Correlation Between CNH Industrial and Aberforth Smaller
Can any of the company-specific risk be diversified away by investing in both CNH Industrial and Aberforth Smaller at the same time? Although using a correlation coefficient on its own may not help to predict future stock returns, this module helps to understand the diversifiable risk of combining CNH Industrial and Aberforth Smaller into the same portfolio, which is an essential part of the fundamental portfolio management process.

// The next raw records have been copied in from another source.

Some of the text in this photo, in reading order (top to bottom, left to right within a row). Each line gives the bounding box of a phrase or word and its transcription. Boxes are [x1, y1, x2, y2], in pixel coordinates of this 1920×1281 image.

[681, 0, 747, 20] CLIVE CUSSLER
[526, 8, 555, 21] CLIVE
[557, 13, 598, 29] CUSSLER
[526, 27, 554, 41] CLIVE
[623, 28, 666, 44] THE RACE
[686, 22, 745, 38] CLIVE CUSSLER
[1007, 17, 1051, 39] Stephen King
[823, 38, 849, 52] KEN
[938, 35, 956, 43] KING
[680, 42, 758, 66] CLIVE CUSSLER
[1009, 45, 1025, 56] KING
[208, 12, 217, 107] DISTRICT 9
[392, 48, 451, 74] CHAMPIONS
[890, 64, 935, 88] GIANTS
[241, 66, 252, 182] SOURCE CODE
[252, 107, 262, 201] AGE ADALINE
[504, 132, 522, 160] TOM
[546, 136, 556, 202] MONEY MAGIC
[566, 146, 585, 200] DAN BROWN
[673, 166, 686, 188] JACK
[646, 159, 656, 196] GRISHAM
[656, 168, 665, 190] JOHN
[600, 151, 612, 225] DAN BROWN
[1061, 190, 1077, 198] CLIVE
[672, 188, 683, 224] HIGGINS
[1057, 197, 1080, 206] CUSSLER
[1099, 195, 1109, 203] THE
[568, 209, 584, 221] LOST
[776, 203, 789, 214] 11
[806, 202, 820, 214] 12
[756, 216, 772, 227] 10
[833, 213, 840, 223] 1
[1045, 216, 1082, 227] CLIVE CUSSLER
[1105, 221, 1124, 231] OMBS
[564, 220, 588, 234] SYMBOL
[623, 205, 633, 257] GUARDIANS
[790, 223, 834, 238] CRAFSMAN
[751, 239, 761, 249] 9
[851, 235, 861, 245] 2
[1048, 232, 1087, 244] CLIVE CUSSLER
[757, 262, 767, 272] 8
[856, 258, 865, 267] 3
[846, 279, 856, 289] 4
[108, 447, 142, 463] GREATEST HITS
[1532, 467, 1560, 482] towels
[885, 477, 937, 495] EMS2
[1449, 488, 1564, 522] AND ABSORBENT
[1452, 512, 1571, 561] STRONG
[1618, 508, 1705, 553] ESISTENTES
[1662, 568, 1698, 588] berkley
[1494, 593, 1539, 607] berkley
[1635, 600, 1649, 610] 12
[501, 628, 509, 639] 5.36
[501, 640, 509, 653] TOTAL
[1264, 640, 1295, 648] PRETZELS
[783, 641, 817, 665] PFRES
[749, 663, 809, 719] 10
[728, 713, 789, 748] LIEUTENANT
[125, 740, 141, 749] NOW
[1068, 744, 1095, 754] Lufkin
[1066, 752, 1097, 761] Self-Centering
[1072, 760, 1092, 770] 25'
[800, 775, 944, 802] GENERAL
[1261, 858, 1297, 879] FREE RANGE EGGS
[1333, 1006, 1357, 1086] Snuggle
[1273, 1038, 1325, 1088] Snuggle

By analyzing existing cross correlation between CNH Industrial NV and Aberforth Smaller Companies, you can compare the effects of market volatilities on CNH Industrial and Aberforth Smaller and check how they will diversify away market risk if combined in the same portfolio for a given time horizon. You can also utilize pair trading strategies of matching a long position in CNH Industrial with a short position of Aberforth Smaller. Check out your portfolio center. Please also check ongoing floating volatility patterns of CNH Industrial and Aberforth Smaller.
Diversification Opportunities for CNH Industrial and Aberforth Smaller
-0.53 | Correlation Coefficient |
Excellent diversification
The 3 months correlation between CNH and Aberforth is -0.53. Overlapping area represents the amount of risk that can be diversified away by holding CNH Industrial NV and Aberforth Smaller Companies in the same portfolio, assuming nothing else is changed. The correlation between historical prices or returns on Aberforth Smaller and CNH Industrial is a relative statistical measure of the degree to which these equity instruments tend to move together. The correlation coefficient measures the extent to which returns on CNH Industrial NV are associated (or correlated) with Aberforth Smaller. Values of the correlation coefficient range from -1 to +1, where. The correlation of zero (0) is possible when the price movement of Aberforth Smaller has no effect on the direction of CNH Industrial i.e., CNH Industrial and Aberforth Smaller go up and down completely randomly.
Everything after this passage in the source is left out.